Images for object localization:

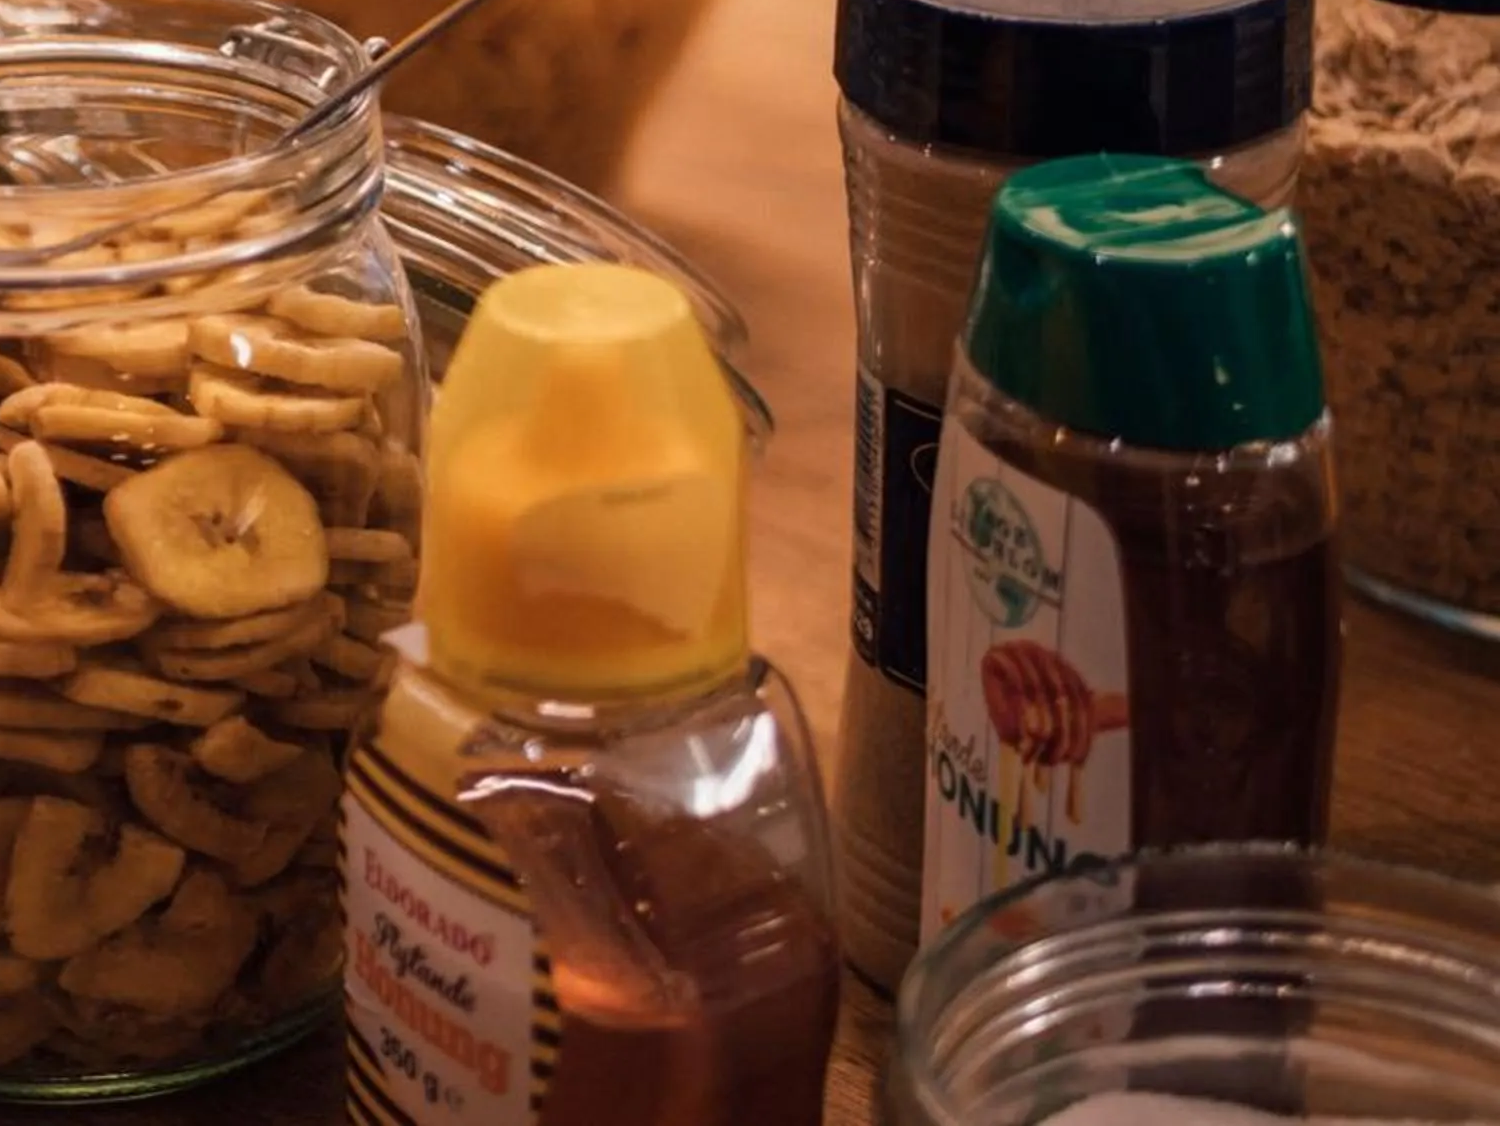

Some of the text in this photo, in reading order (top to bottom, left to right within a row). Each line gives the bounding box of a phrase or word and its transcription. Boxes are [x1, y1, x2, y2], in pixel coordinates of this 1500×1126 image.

[363, 846, 495, 968] ELDORADO
[380, 1026, 417, 1081] 350
[422, 1071, 438, 1104] g
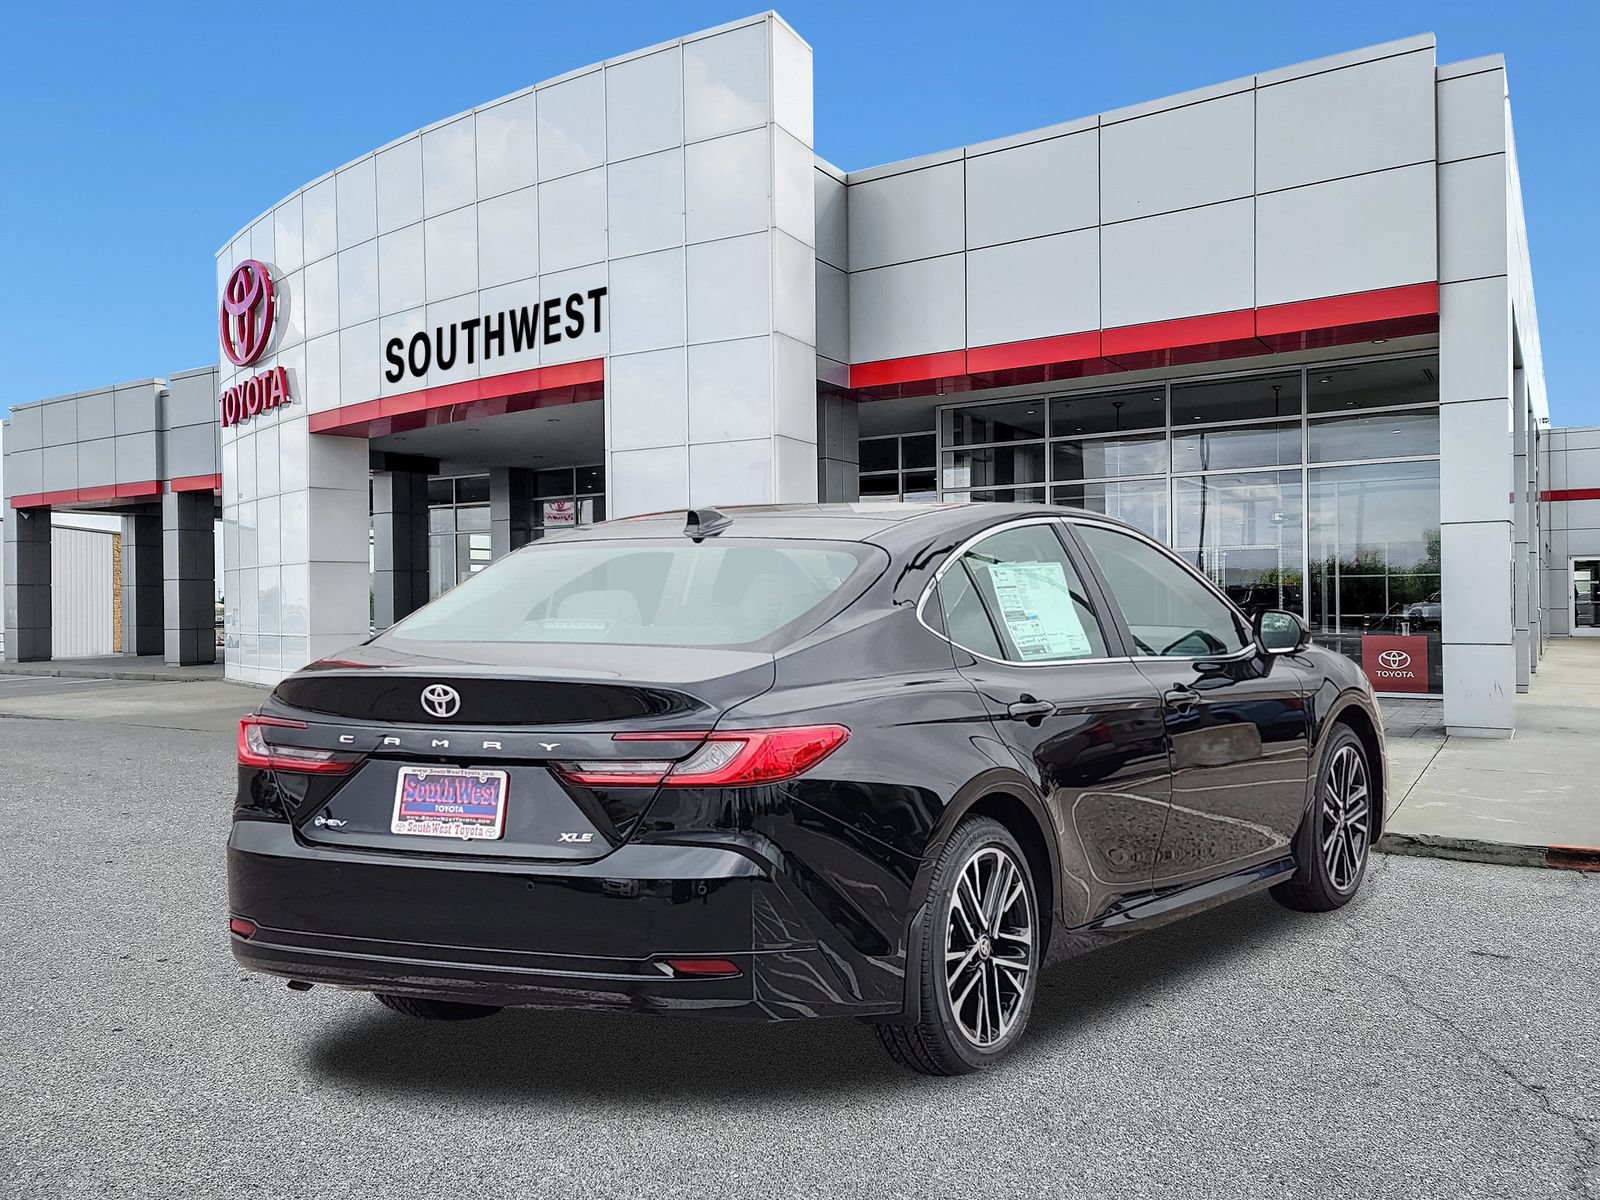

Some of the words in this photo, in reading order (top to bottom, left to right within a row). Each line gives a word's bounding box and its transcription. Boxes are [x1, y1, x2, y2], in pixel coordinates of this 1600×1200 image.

[385, 286, 608, 384] SOUTHWEST
[217, 366, 290, 428] TOYOTA
[1376, 670, 1415, 678] TOYOTA
[339, 734, 562, 751] CAMRY
[434, 804, 464, 813] TOYOTA
[455, 824, 484, 838] Toyota
[557, 832, 594, 843] XLE

Assigned task
Please repeat all of the data exactly as it stands, leaving the pictures out.

Task solution
Some of the text in this photo, in reading order (top to bottom, left to right within a row). Each line gives the bounding box of a phrase or word and its transcription. Boxes are [x1, y1, x2, y2], in pixel coordinates of this 1500×1126 image.

[363, 846, 495, 968] ELDORADO
[380, 1026, 417, 1081] 350
[422, 1071, 438, 1104] g

Some of the words in this photo, in reading order (top to bottom, left to right within a row). Each line gives a word's bounding box and its transcription. Boxes are [x1, y1, x2, y2], in pixel coordinates of this 1600×1200 image.

[385, 286, 608, 384] SOUTHWEST
[217, 366, 290, 428] TOYOTA
[1376, 670, 1415, 678] TOYOTA
[339, 734, 562, 751] CAMRY
[434, 804, 464, 813] TOYOTA
[455, 824, 484, 838] Toyota
[557, 832, 594, 843] XLE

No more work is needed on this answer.